Within this quality improvement project, we aim to understand the factors that mental health providers deem as pertinent in determining which type of psychotherapy treatment is most appropriate for patients with depression. Participants were seven senior doctoral level psychologists working in major NYC hospitals who were heavily involved in overseeing the referral process to various psychotherapy treatments for depression (e.g. clinic directors, psychotherapy training program directors, etc.). Participants were contacted and asked to identify factors they believe would make a patient successful/unsuccessful in the following evidence based psychotherapies for depression: Dynamic Interpersonal Therapy (DIT), Cognitive Behavioral Therapy for Depression (CBT-D), Behavioral Activation Therapy (BA), Acceptance and Commitment Therapy for Depression (ACT-D), or Long-Term Dynamic Therapy. The researchers divided participant responses into categories and identified overarching themes and the factors that clinicians use to triage patients into various treatments for depression. These factors included: patient preference, ability/willingness to engage in structured treatment, display of cognitive inflexibility, patient framing of presenting problem, ability to observe and articulate inner experiences, ability to connect psychological experiences with external circumstances, ability to form positive relationships, lack of meaningful or pleasurable activities, clarity about values or goals, ability to cope with psychosocial stressors, presence of risk factors, and presence of developmental traumas.
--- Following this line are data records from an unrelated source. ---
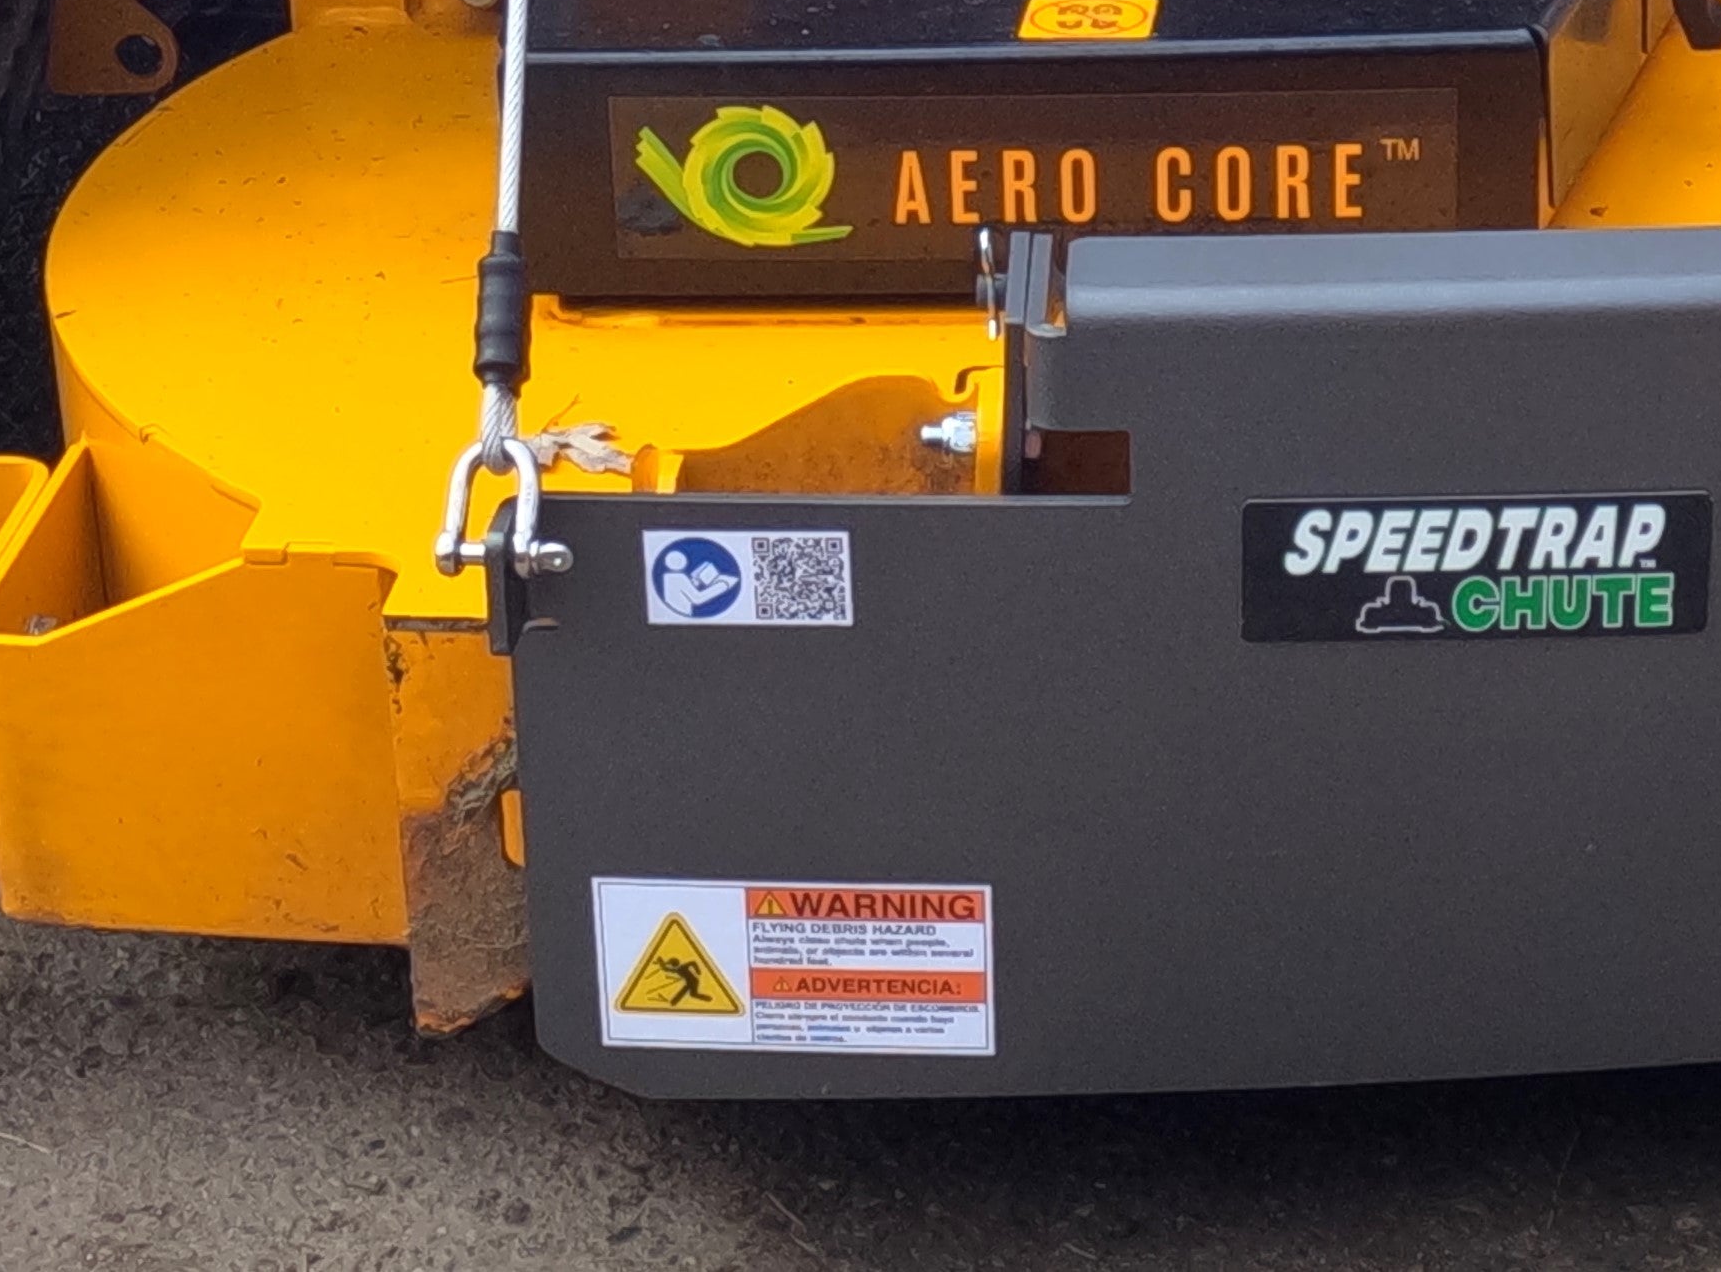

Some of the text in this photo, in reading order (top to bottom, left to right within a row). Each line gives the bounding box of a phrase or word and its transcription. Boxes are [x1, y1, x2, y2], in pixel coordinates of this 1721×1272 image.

[892, 147, 1099, 227] AERO
[1155, 141, 1365, 222] CORE
[1284, 503, 1667, 576] SPEEDTRAP
[1451, 572, 1675, 632] CHUTE
[789, 891, 977, 920] WARNING
[752, 922, 937, 937] FLYING DEBRIS HAZARD
[797, 976, 962, 997] ADVERTENCIA:
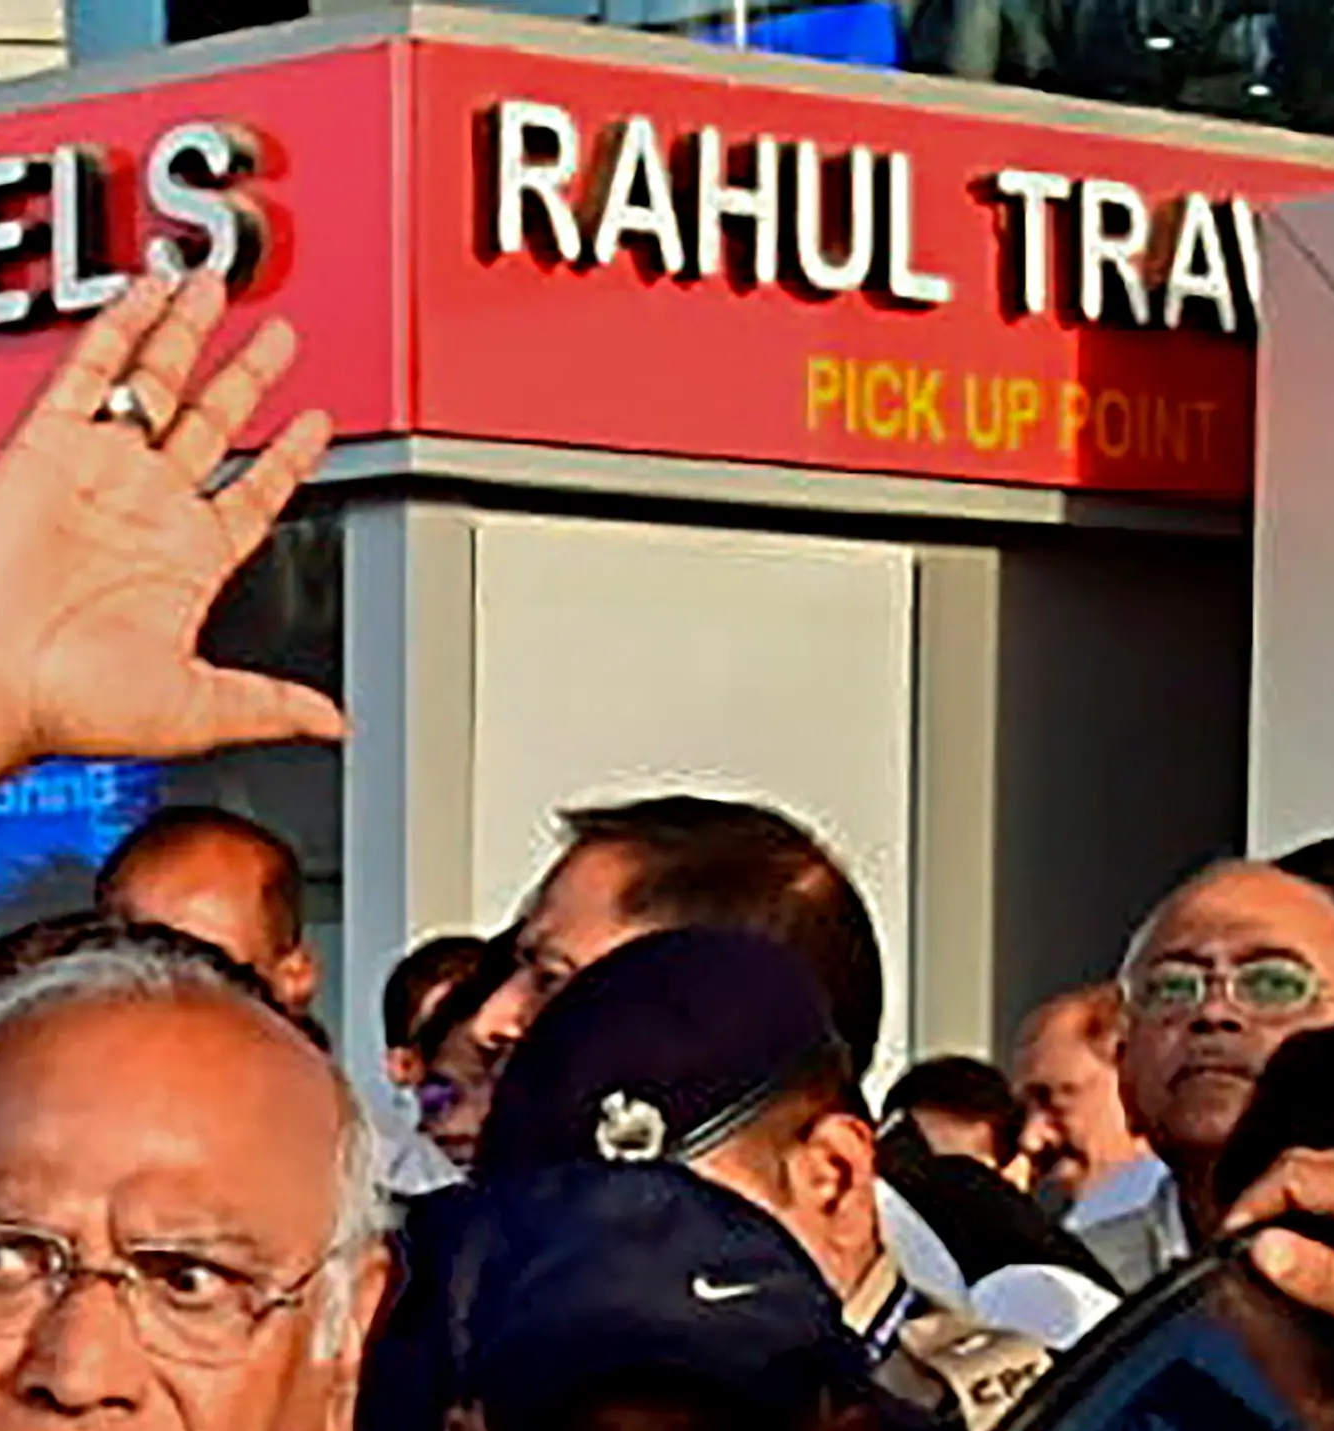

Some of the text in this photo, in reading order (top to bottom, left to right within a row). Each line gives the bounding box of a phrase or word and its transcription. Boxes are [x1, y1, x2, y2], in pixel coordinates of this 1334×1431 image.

[495, 98, 953, 305] RAHUL
[806, 356, 1217, 464] PICK UP POINT
Future research will examine the use of these factors in clinician decision making among providers referring Veterans with depression to various psychotherapists at the VA NY Harbor Healthcare System and the factors association with Veteran outcome. The findings may improve Veterans outcomes by empirically identifying factors most relevant for referral to various psychotherapy treatments for depression.